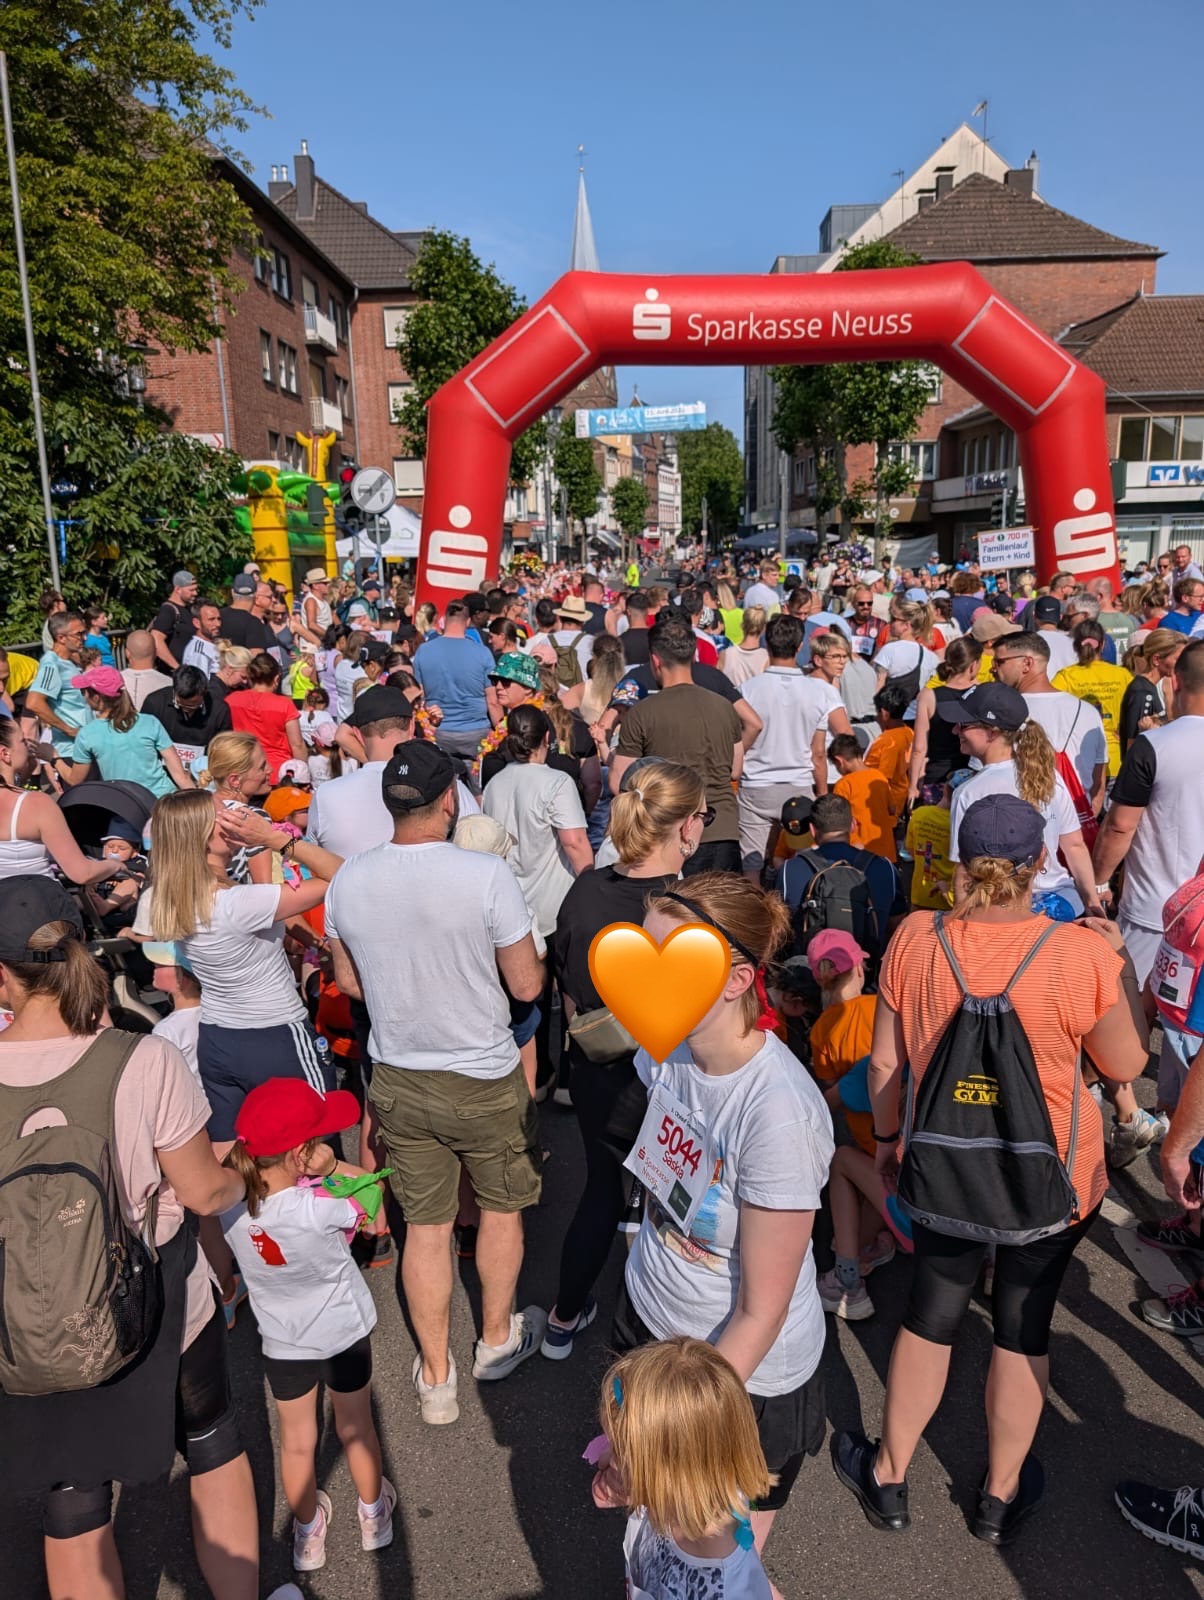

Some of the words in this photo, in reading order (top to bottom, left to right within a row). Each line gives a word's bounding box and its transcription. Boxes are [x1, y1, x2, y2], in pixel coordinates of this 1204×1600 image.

[687, 311, 823, 347] Sparkasse
[831, 310, 913, 337] Neuss
[1007, 532, 1021, 540] 700
[982, 555, 1005, 564] Eltern
[1014, 551, 1031, 560] Kind
[983, 541, 1028, 553] Familienlauf
[657, 1115, 702, 1177] 5044
[662, 1150, 684, 1180] Saskia
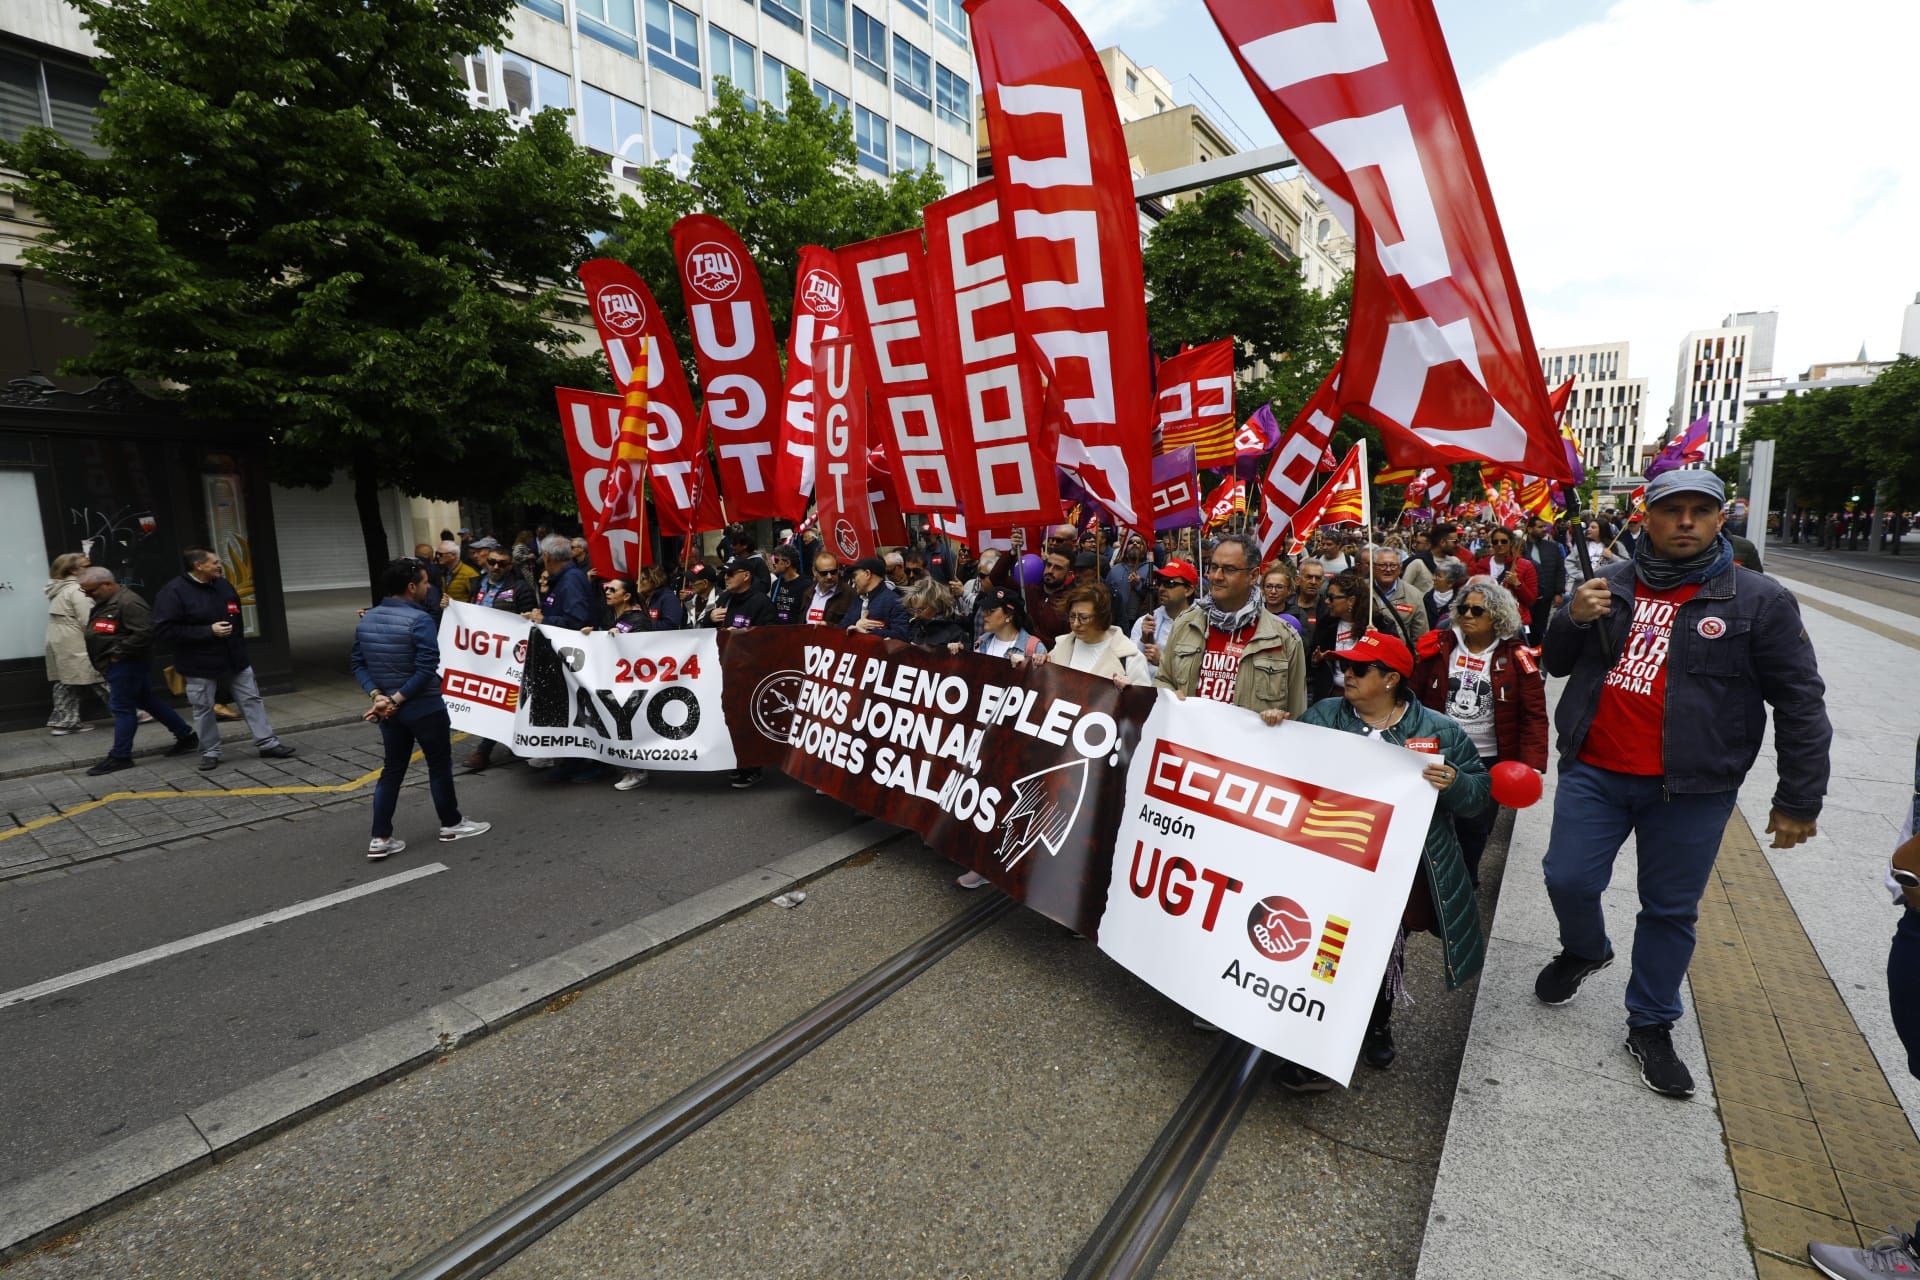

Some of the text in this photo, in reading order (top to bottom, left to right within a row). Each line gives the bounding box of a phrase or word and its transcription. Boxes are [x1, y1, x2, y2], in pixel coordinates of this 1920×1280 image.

[856, 252, 956, 507] CCOO
[946, 200, 1040, 515] CCOO
[826, 343, 852, 513] UGT
[454, 625, 510, 659] UGT
[615, 655, 701, 683] 2024
[446, 674, 507, 704] CCOO
[832, 652, 857, 687] EL
[859, 657, 969, 715] PLENO
[1138, 803, 1196, 840] Aragón
[1153, 752, 1301, 828] CCOO
[1128, 839, 1244, 933] UGT
[1221, 958, 1326, 1022] Aragón
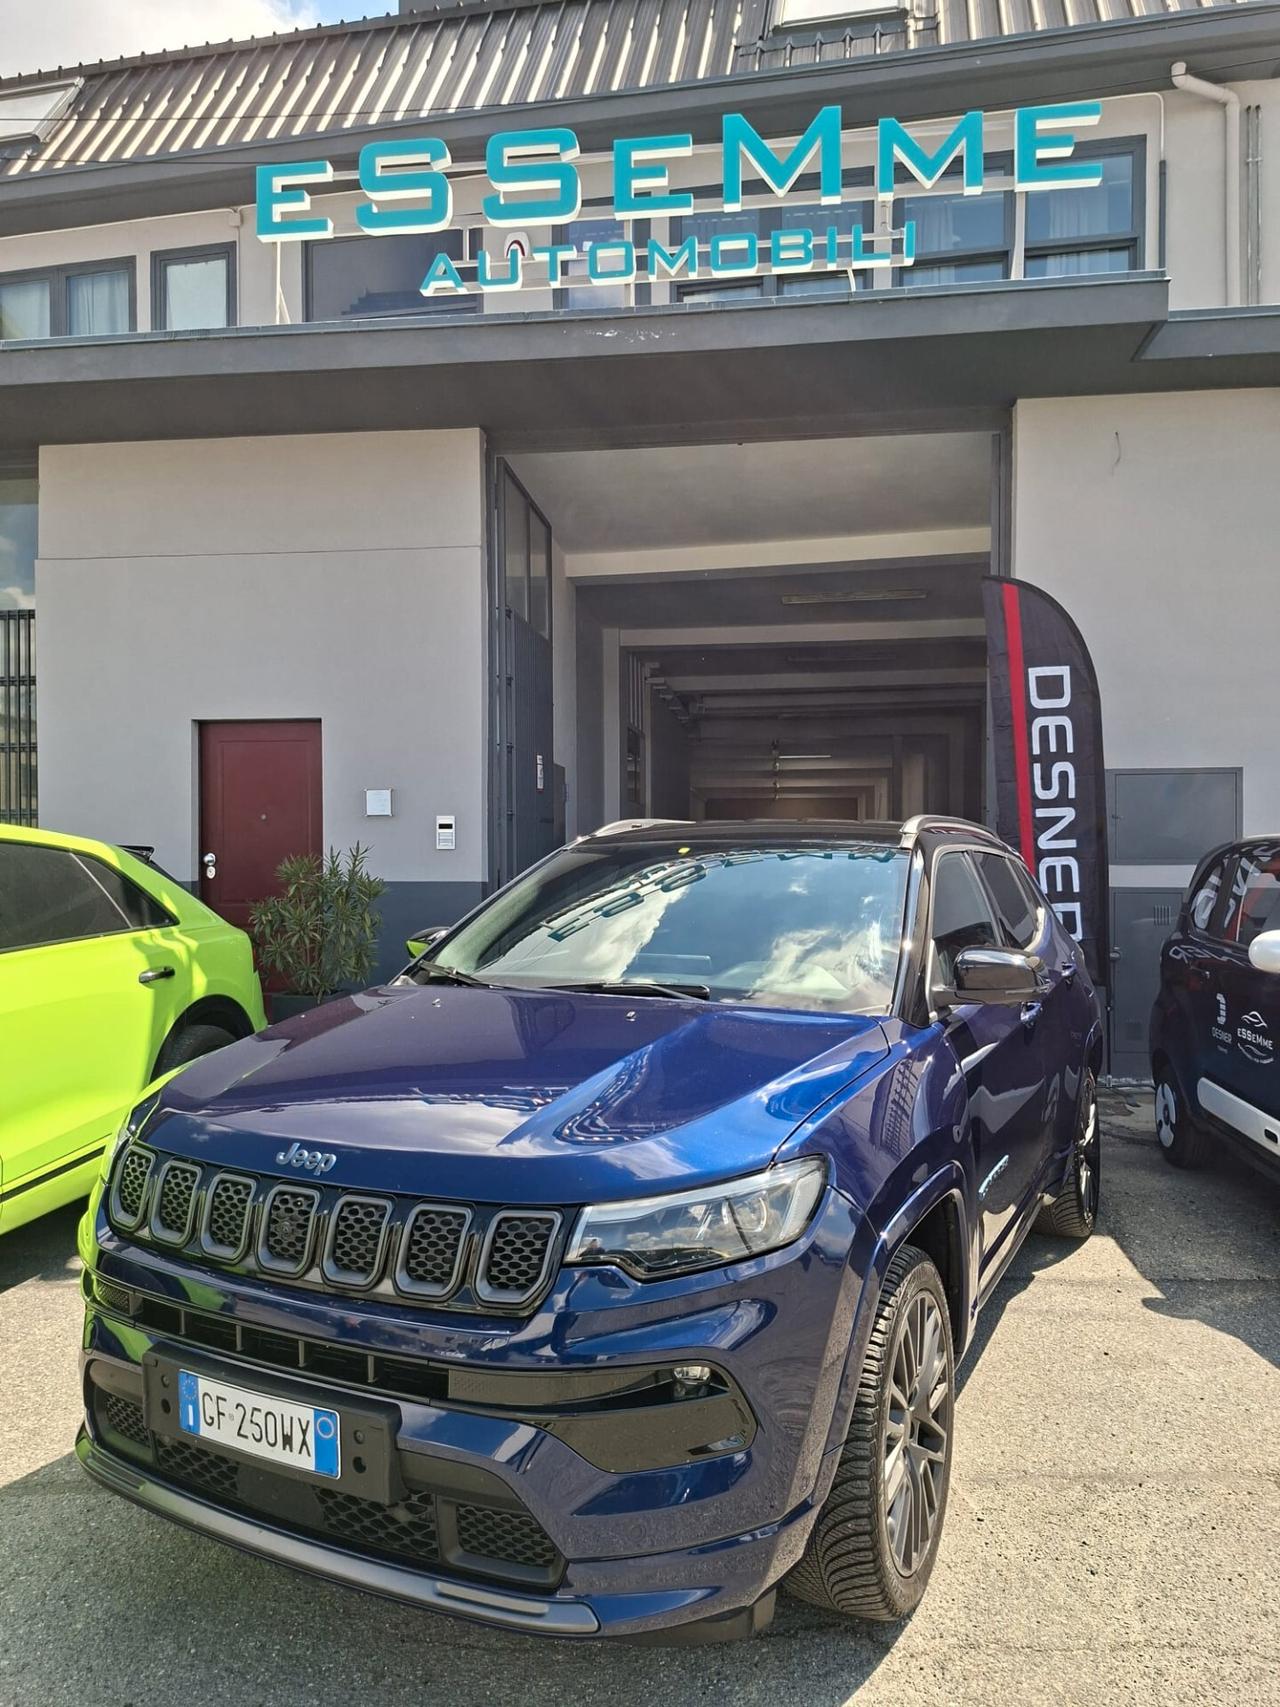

++++++++++

— REQUIRED ACTION —
Output the line containing "Some of the text" and each line after it, through the end of the material, exactly as given. No pictures belong in the output.

— ANSWER SECTION —
Some of the text in this photo, in reading order (top to bottom, left to right within a row). Each line gives the bounding box of a phrase or word and its transcription. Boxes are [x1, y1, x2, y2], in pixel coordinates of this 1920×1280 image.

[856, 252, 956, 507] CCOO
[946, 200, 1040, 515] CCOO
[826, 343, 852, 513] UGT
[454, 625, 510, 659] UGT
[615, 655, 701, 683] 2024
[446, 674, 507, 704] CCOO
[832, 652, 857, 687] EL
[859, 657, 969, 715] PLENO
[1138, 803, 1196, 840] Aragón
[1153, 752, 1301, 828] CCOO
[1128, 839, 1244, 933] UGT
[1221, 958, 1326, 1022] Aragón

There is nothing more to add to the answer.